Information provided ▸
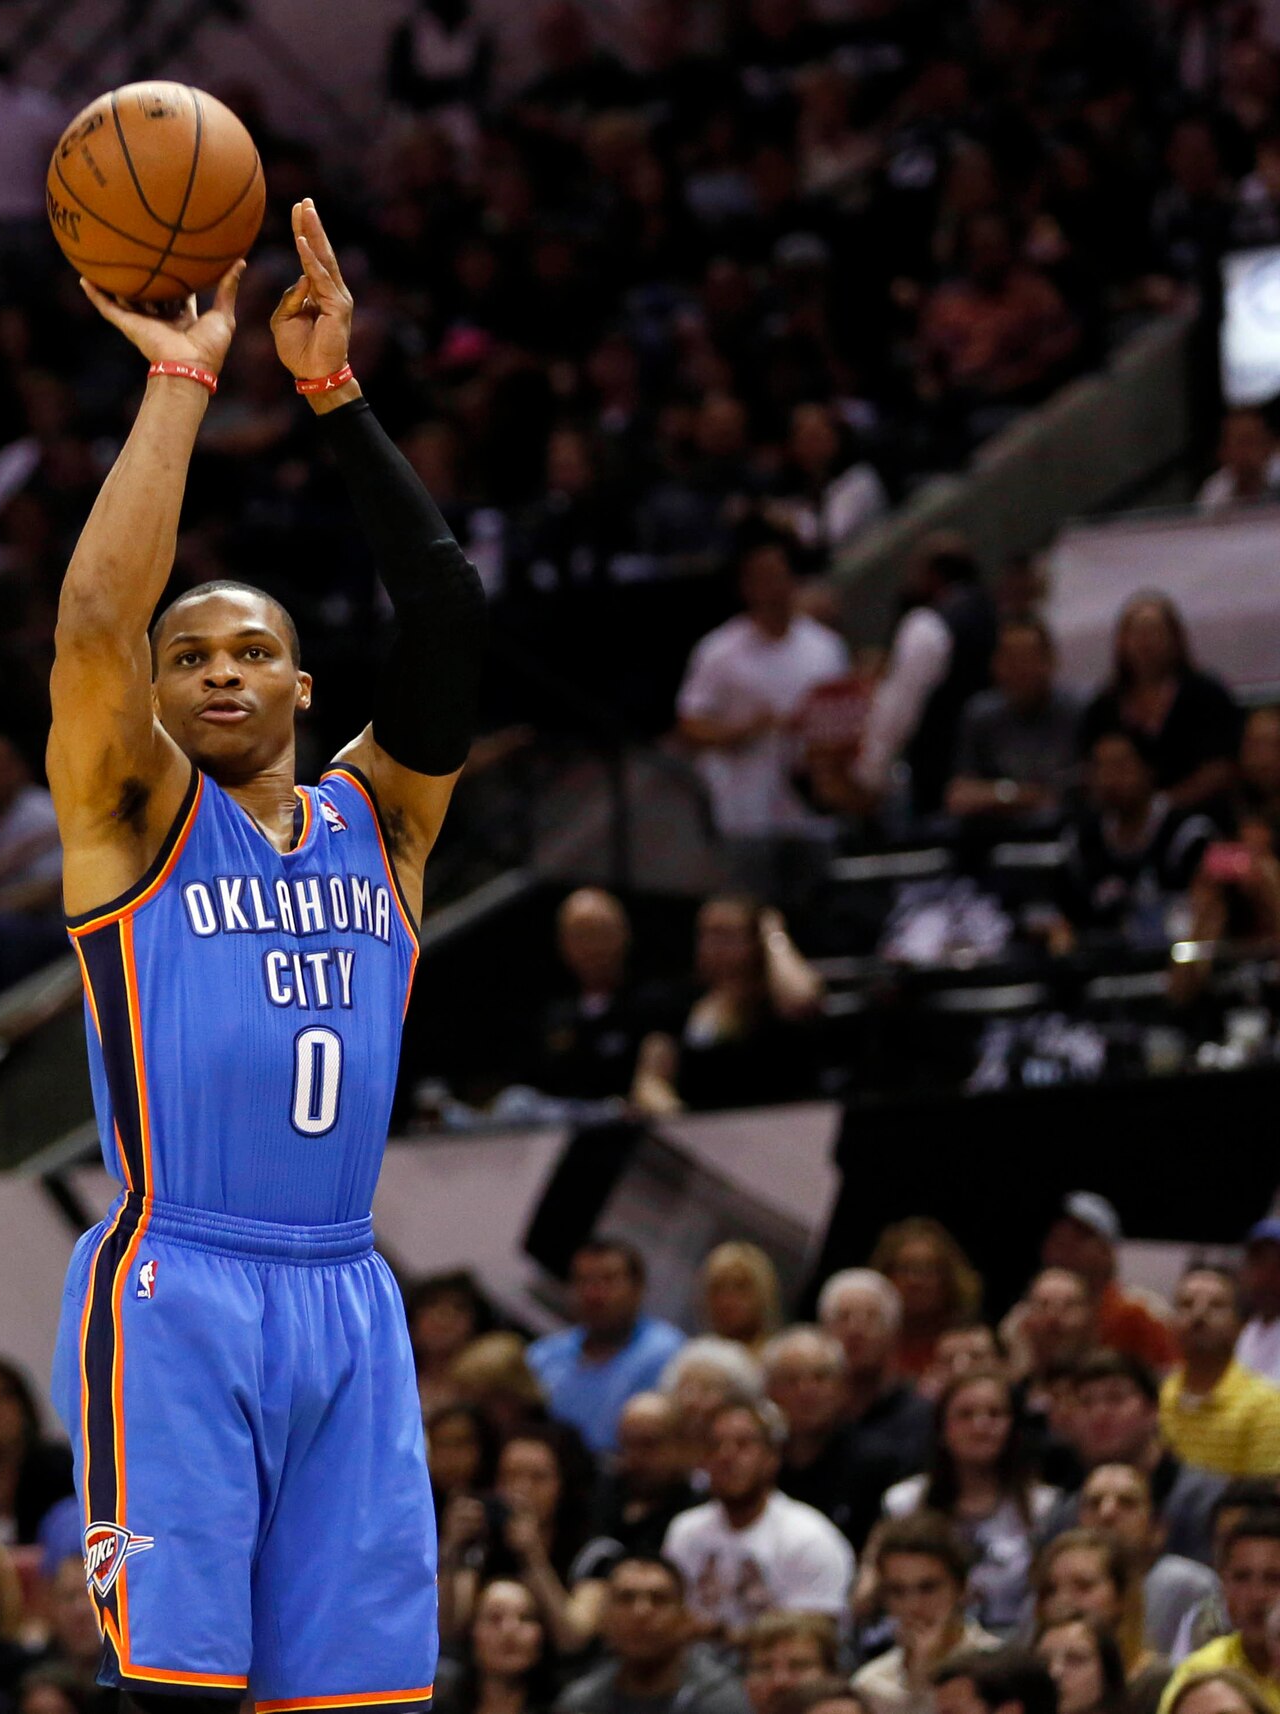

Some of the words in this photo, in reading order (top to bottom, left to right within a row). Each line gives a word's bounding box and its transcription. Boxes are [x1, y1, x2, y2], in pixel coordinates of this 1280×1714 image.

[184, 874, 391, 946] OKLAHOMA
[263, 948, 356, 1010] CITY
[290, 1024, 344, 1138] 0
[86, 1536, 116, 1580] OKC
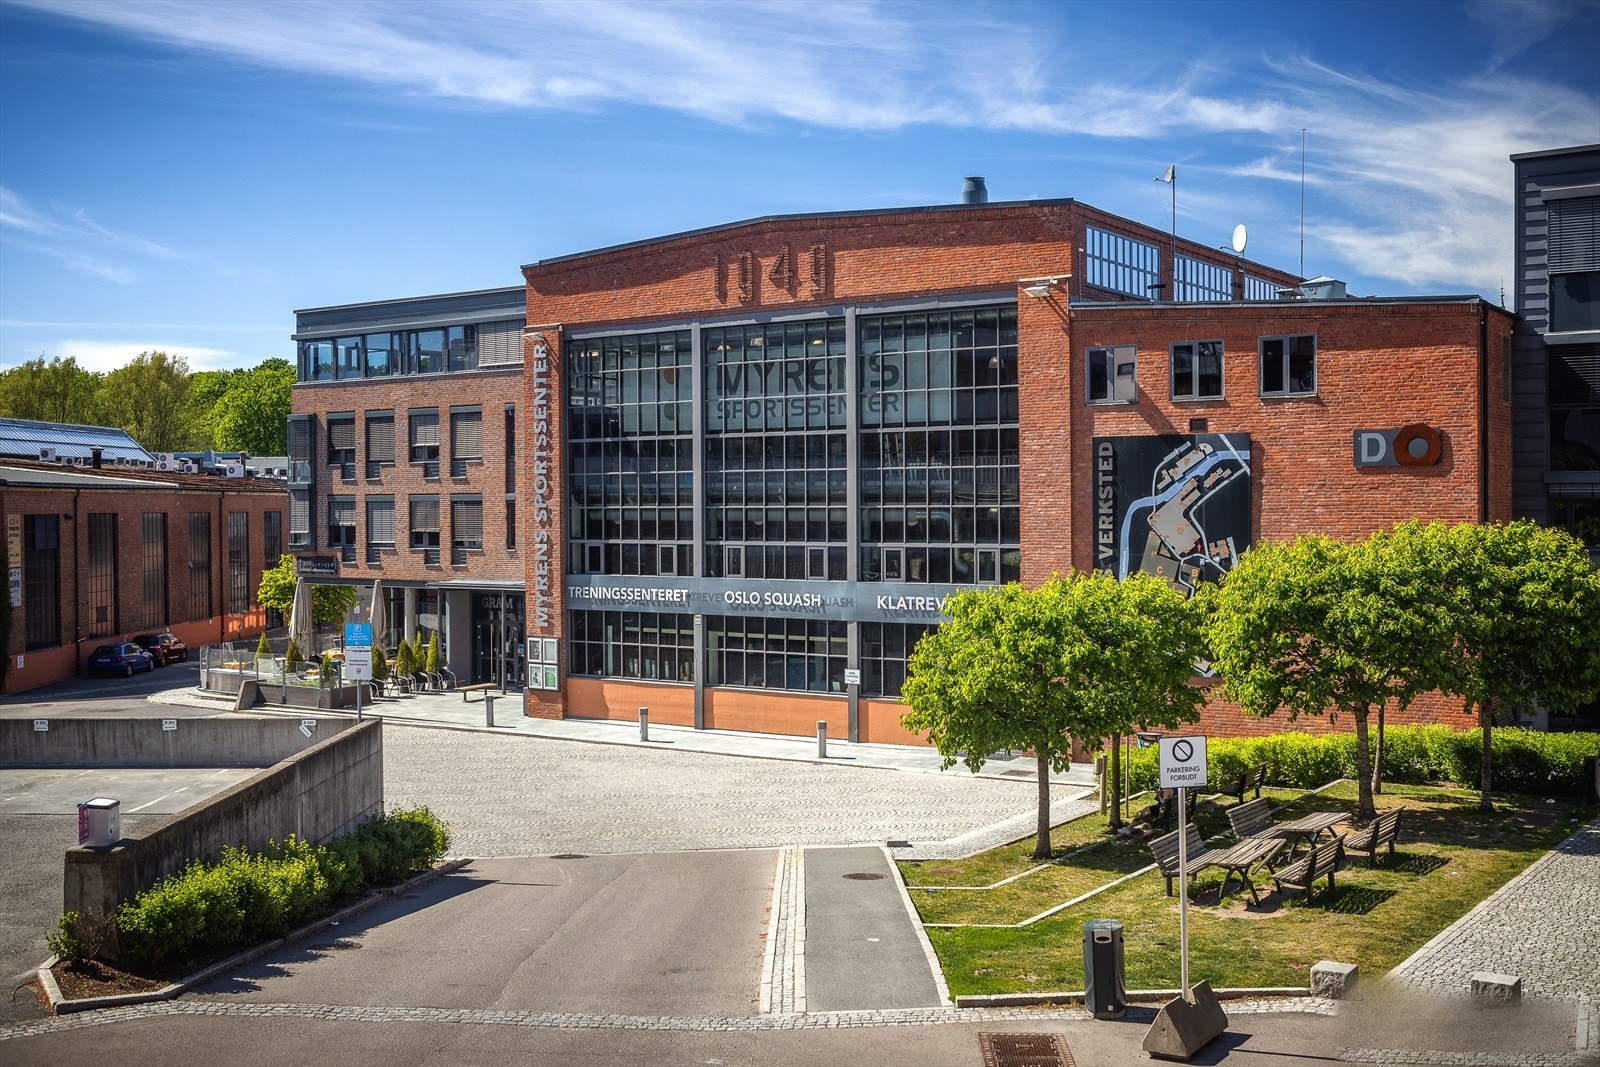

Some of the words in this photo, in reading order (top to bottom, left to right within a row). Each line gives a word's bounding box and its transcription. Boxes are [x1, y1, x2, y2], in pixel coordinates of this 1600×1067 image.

...

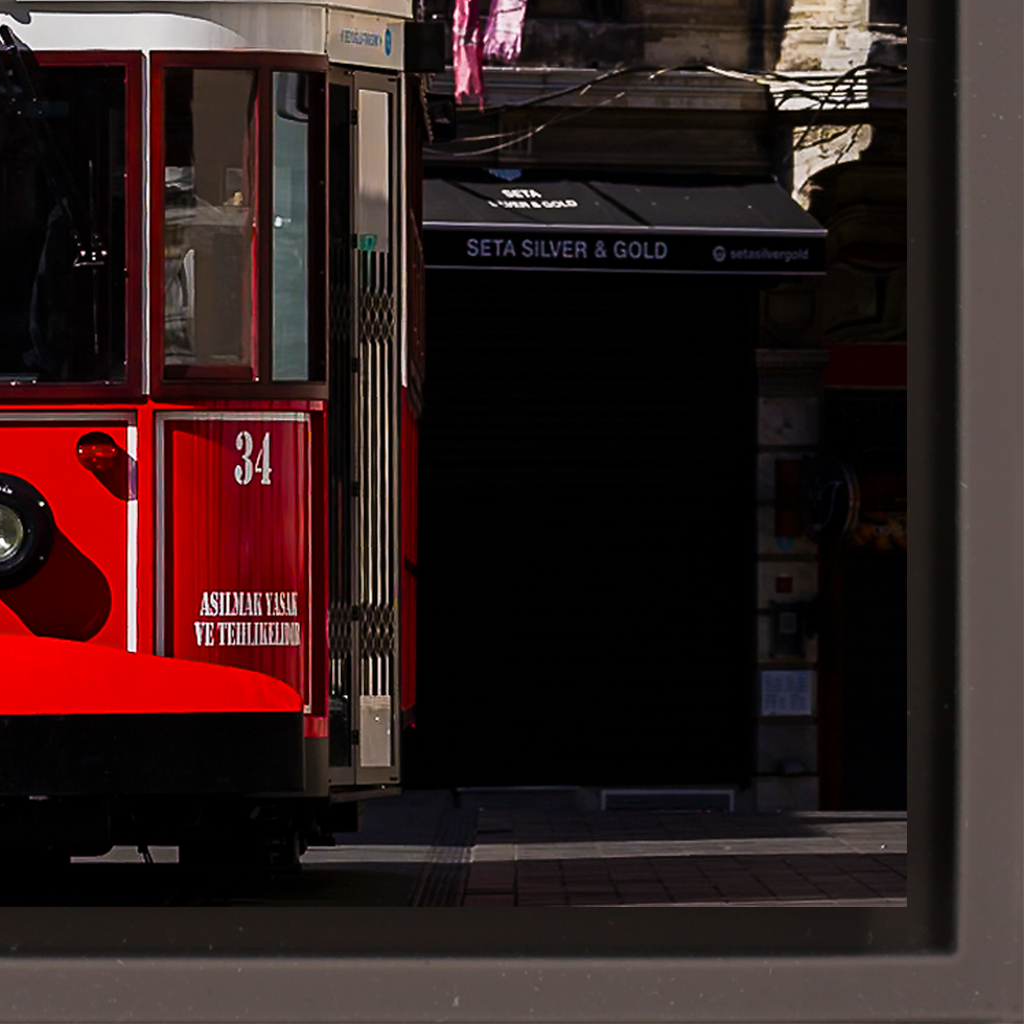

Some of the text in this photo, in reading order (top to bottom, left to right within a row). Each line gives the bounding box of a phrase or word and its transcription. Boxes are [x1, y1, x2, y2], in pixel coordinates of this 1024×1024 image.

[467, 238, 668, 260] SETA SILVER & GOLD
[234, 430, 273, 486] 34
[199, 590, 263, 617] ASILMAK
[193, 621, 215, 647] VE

--

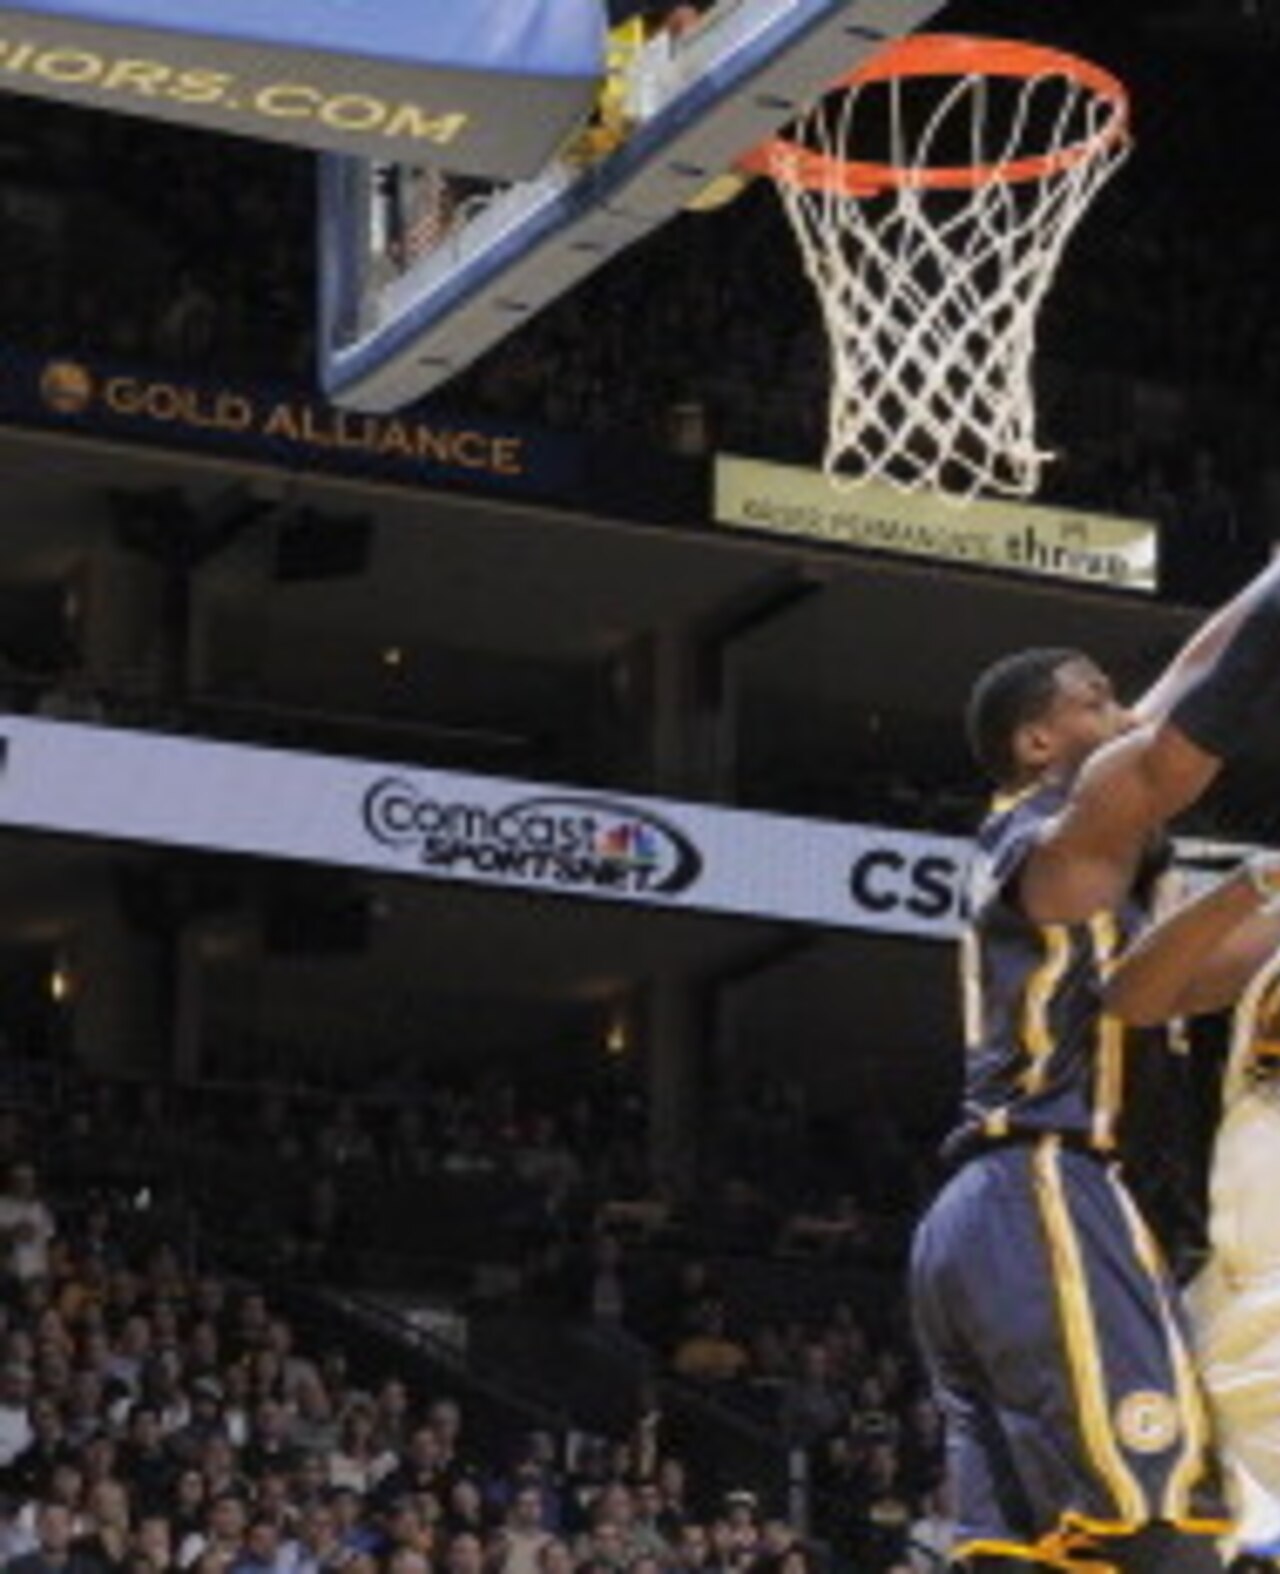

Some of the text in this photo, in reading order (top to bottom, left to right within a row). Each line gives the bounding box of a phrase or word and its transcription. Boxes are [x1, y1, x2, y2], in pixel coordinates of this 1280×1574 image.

Task prompt ▸
Nothing but the lines from the one with "this 1280×1714 image." up to and including the one with "this 1600×1067 image." should be printed, exactly as they read above. Please keep the pictures out.

Solution for this exercise ▸
Some of the words in this photo, in reading order (top to bottom, left to right within a row). Each line gives a word's bounding box and its transcription. Boxes are [x1, y1, x2, y2], in pixel coordinates of this 1280×1714 image.

[184, 874, 391, 946] OKLAHOMA
[263, 948, 356, 1010] CITY
[290, 1024, 344, 1138] 0
[86, 1536, 116, 1580] OKC

Some of the words in this photo, in reading order (top to bottom, left to right within a row). Each line gives a word's bounding box and its transcription. Boxes are [x1, y1, x2, y2], in pixel coordinates of this 1600×1067 image.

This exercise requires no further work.